MOMEMTUM BUILDS ON LOW SUPPLY AND IMPROVING DEMAND
CBD Grade A office rents rose 0.7% qoq in Q4 2025, from 0.5% in Q3, as vacancies tightened to 4.4% from 4.7% amidst continued flight to quality. For full-year 2025, rents grew 2.4% yoy, outpacing 2024’s 1.7%, as the growing scarcity of CBD Grade A office spaces and lower interest rates encouraged more decisive occupier activity. CBD Grade A office net demand reached 0.7 msf in 2025, compared with 0.9 msf in 2024. This was largely due to the amount of new Grade A office supply, which came up to only 0.6 msf in 2025, against 1.3 msf in 2024. While net demand in 2025 was driven by continued leasing activities in new developments, including IOI central Boulevard Towers and Keppel South Central, vacancy rates also declined across other CBD Grade A office developments.
Decentralised all-grades office rents climbed 0.4% qoq in Q4, up from 0.1% in Q3, as vacancies fell to 4.7% from 5.3%. Full-year rents grew 1.3% yoy, below 2024’s 1.7%, as demand remained selective among cost-conscious occupiers.

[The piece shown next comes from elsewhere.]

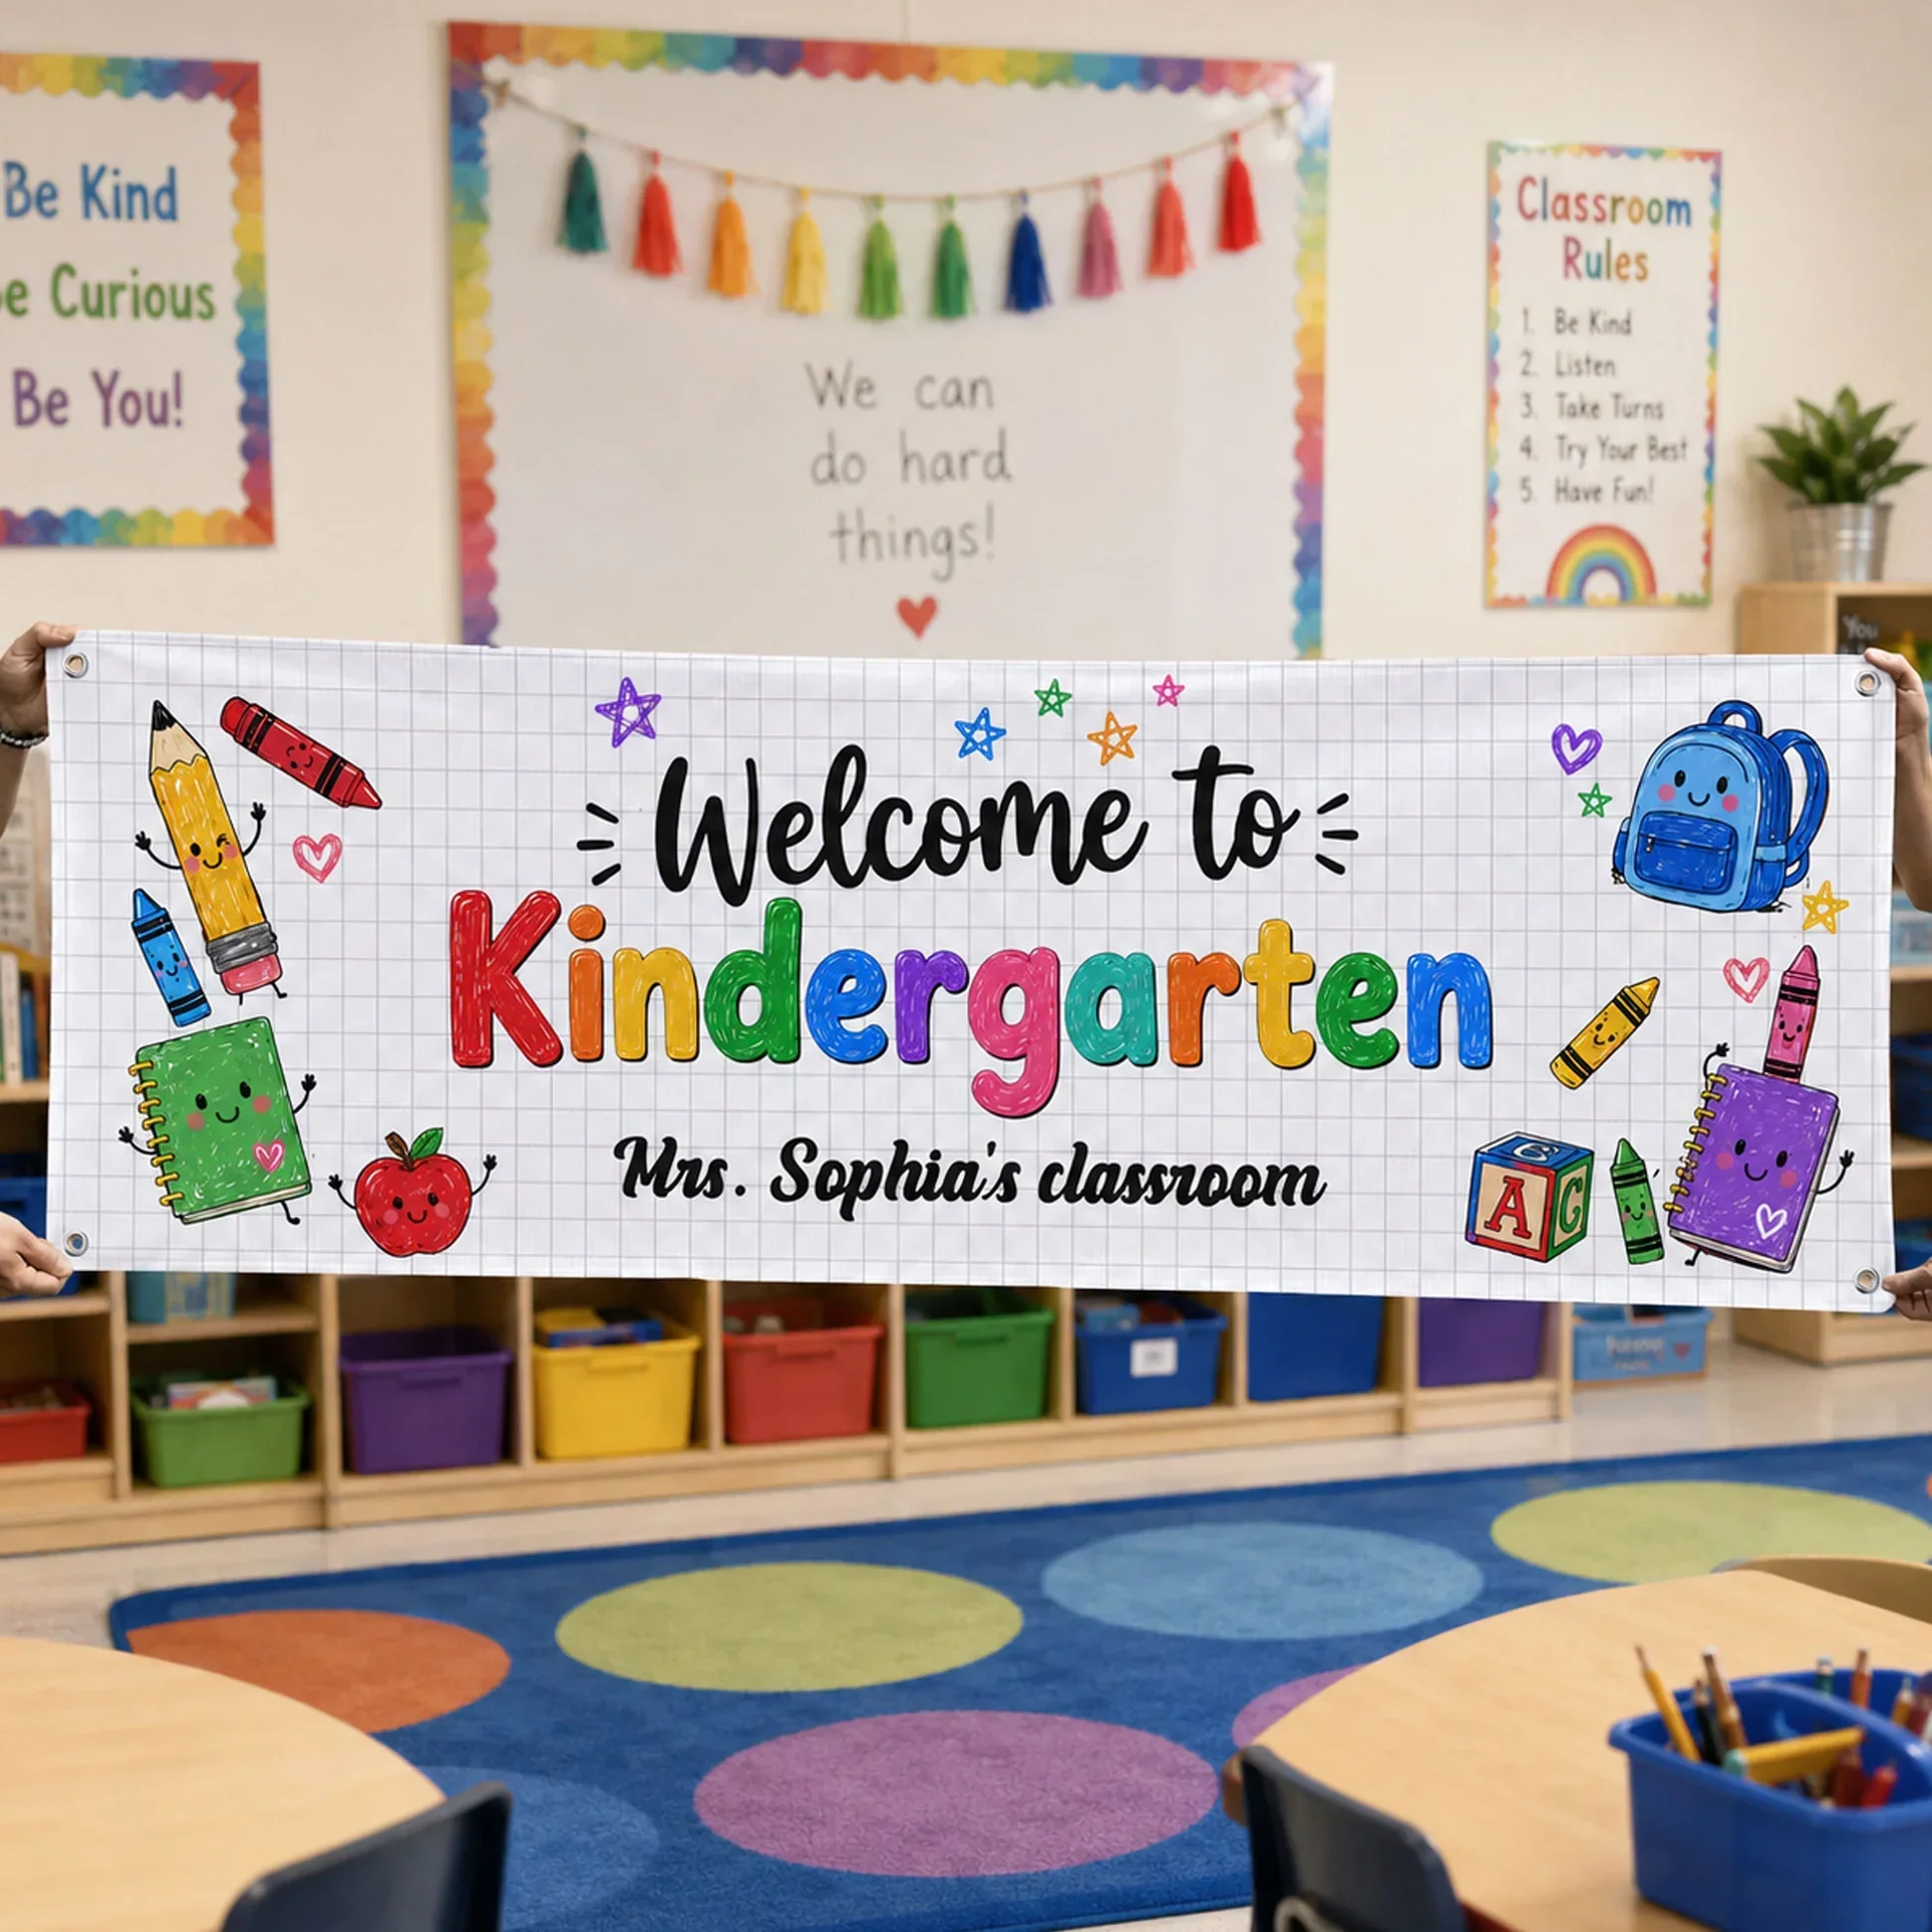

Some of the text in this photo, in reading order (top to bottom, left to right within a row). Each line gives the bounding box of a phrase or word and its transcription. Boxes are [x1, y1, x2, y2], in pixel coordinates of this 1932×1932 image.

RENTS POISED FOR UPSWING IN 2026
CBD Grade A office rental growth is expected to gain pace in 2026, as vacancy is projected to fall below 4.0%, backed by improving demand and constrained supply. Limited new supply will remain a key driver, with only 0.4 msf of CBD Grade A space completing in 2026 and 0.2 msf in 2027, well below the historical annual net demand of 0.9 msf. Market tightness is set to persist, though rent performance might vary across Grade A buildings by location and specifications.
Decentralised office rents are also expected to pick up in 2026. As CBD Grade A rents accelerate, decentralised locations, which offer a more cost-effective alternative, may attract renewed occupier interest, particularly from firms seeking value or larger floor plates.